Do Pediatricians Really Make Money Giving Vaccines?

My biggest challenge writing this blog entry is trying to stay on topic.  I want to discuss and argue about every element of vaccination and the pediatric motivation to vaccinate.  I want to explain the difference between "making money" and being profitable (revenue != financial gain).  I want to question the fallacious argument that Big Pharma is both incredibly greedy and allows independent pediatricians to make money on their vaccines.  But that's not why I am here.  I want to directly inject some facts into the discussion, at least as much as I can muster.  And I do have some glorious facts.

For years, I've shared and discussed the data and experiences of our clients related to the business of vaccines.  In addition to a presentation obviously entitled, "The Business of Vaccines" given across the country (the AAP used to have me do it at the NCE but, sadly, has dropped the topic), I've posted things here, here, here, and even here last week (for example).  It's something we know a lot about vaccine costs and payments and this work is very important to our clients.  So, how can we contribute factually to the public discussion? 

By sharing the data, of course.  There are two pieces of this puzzle: the cost of the vaccines paid by independent pediatricians and the payment received for those vaccines.  Some - most - of this data is public.  We're going to gather, organize, and calculate it for you!

Vaccine Costs

There is one primary public source for vaccine costs, and that is the CDC's Average Sale Price data (ASP or Public Sector Price - PSP).  This differs from another, commonly used value - Average Wholesale Price (AWP) - in that it reflects the actual net costs to the purchaser, including things like bulk discounts, rebates, etc.  It took me a while to understand the non-intuitive labels (doesn't "wholesale" mean that it's cheaper?) but ASP is less than AWP and generally reflects a more realistic purchase of vaccines directly from the manufacturer.  Further, ASP data is freely available, and backdated, on the CDC website above.   AWP often has different values and is hard to pin down, in my experience.

There is a second source for vaccine costs, and that comes from our many friends in the GPO business.  Those numbers are trade secrets and although there are differences among the GPOs, the results are broadly similar.   You'll see below.

Vaccine Payments

This is something we have.  We grabbed a year's worth of non-Medicaid vaccine product payments from across the country.  We broke them down by product and compared our clients' payments to the known vaccine costs.

And now, in a collaboration between PMI and the AAP, we can much more easily access fee schedules from any payor/practice/state in the country.  I wrote about it here, yesterday.  Paul's data differs from ours for a couple reasons, which I'll explain below.
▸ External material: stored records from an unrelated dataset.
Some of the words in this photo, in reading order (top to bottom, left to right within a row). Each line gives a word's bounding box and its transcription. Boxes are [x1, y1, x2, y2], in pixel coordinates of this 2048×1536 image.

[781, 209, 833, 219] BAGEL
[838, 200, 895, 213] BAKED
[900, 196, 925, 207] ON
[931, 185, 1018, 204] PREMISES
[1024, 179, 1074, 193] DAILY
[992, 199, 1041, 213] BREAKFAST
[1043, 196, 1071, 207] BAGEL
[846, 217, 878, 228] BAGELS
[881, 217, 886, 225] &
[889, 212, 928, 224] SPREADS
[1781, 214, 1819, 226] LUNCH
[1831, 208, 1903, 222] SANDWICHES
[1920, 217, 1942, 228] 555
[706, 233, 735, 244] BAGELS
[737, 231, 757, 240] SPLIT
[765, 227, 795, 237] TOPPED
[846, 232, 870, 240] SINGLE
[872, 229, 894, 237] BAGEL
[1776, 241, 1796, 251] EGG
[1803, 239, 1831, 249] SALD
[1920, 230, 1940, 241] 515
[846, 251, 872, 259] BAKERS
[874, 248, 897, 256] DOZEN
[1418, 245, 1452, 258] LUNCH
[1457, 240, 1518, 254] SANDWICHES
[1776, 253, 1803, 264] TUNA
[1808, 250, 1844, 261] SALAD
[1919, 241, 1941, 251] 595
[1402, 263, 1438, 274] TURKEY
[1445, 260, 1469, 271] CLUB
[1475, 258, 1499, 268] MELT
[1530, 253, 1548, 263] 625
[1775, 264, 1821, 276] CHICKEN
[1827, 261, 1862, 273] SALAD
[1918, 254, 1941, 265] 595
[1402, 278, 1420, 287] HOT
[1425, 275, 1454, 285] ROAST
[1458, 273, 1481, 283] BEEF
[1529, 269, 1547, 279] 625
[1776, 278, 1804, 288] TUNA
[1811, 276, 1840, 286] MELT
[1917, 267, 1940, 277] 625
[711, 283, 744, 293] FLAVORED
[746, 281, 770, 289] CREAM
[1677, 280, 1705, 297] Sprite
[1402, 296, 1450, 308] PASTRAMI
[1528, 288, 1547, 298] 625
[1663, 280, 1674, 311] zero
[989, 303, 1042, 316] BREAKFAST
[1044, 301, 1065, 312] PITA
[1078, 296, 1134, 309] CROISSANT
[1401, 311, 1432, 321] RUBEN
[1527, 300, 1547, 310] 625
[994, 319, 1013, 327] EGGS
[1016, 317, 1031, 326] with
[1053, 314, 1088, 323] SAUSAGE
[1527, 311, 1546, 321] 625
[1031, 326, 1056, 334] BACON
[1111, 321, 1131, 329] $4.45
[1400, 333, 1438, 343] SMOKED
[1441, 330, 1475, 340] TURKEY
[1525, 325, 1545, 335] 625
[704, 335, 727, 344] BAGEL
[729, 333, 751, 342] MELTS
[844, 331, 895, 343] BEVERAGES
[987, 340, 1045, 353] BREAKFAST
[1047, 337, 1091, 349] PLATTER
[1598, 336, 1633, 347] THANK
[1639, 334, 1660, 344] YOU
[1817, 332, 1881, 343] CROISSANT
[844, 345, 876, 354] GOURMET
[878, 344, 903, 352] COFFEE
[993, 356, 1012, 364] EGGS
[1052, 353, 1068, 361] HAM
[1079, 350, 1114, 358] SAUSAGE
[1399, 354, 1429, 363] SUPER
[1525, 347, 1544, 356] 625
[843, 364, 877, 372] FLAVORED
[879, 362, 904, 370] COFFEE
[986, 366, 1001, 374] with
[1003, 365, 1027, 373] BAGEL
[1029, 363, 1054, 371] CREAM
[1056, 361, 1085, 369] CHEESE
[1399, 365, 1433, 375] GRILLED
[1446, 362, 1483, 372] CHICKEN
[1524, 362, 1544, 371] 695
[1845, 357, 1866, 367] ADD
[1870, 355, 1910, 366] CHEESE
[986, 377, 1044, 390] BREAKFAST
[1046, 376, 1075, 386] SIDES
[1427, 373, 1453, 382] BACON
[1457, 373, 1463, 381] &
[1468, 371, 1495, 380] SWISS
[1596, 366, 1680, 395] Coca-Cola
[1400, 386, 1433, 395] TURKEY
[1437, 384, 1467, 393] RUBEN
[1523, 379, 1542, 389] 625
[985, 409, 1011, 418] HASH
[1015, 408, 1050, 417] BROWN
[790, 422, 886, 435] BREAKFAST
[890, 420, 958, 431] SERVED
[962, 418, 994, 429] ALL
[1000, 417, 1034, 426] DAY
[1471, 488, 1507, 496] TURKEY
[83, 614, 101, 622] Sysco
Results: Vaccine Revenue and Margin

With a few hundred million dollars' worth of vaccine product payments, here's what we learned:

  • Vaccine product revenue makes up just under 25% of the revenue in our clients' practices.  
  • If you compare our clients' real payments to the ASP of the products, the margin is negative 4%.  I'll say that again: practices have a negative gross margin on vaccine product using public prices.
  • Most (nearly all) practices purchase vaccines through a GPO (noted above), which provides pricing better than ASP.  If we use the pricing of one of the best-in-class GPOs, the practices' gross margins improve to 20%.
  • If we compare the best-in-class GPO costs to PMI's fee schedules, the practices improve their gross margin to 24%.  

Conclusions

  • Unlike assertions by HHS, pediatric vaccine revenue is not 50% of their businesses.  Still, 25% is a lot!
  • There is a difference between gross margin and net margin.  In standard retail sales, gross margins range from 30% (grocery stores) to 300%+ (furniture, jewelry).  Google it!  Pediatric vaccine product margins approach the lowest end of retail sales gross margins.
  • The gross profit difference between ASP and GPO pricing is substantial and tells us that without GPOs, some practices would be out of business.
  • Once you include the direct additional costs of carrying vaccines (which are significant), the AAP has measured a need to be paid 17-28% more than cost in order to break even.
  • PMI's data differs from ours for a few reasons:
    • First, his data includes contracts from health care systems, hospitals, etc.  Accurate, but not reflective of most independent practice fee schedules.
    • Second, his data reflects the best-case scenario, which doesn't include a 5% wastage and non-payment understanding, which aligns with what we're actually seeing.

So, what do you think?  What did I forget?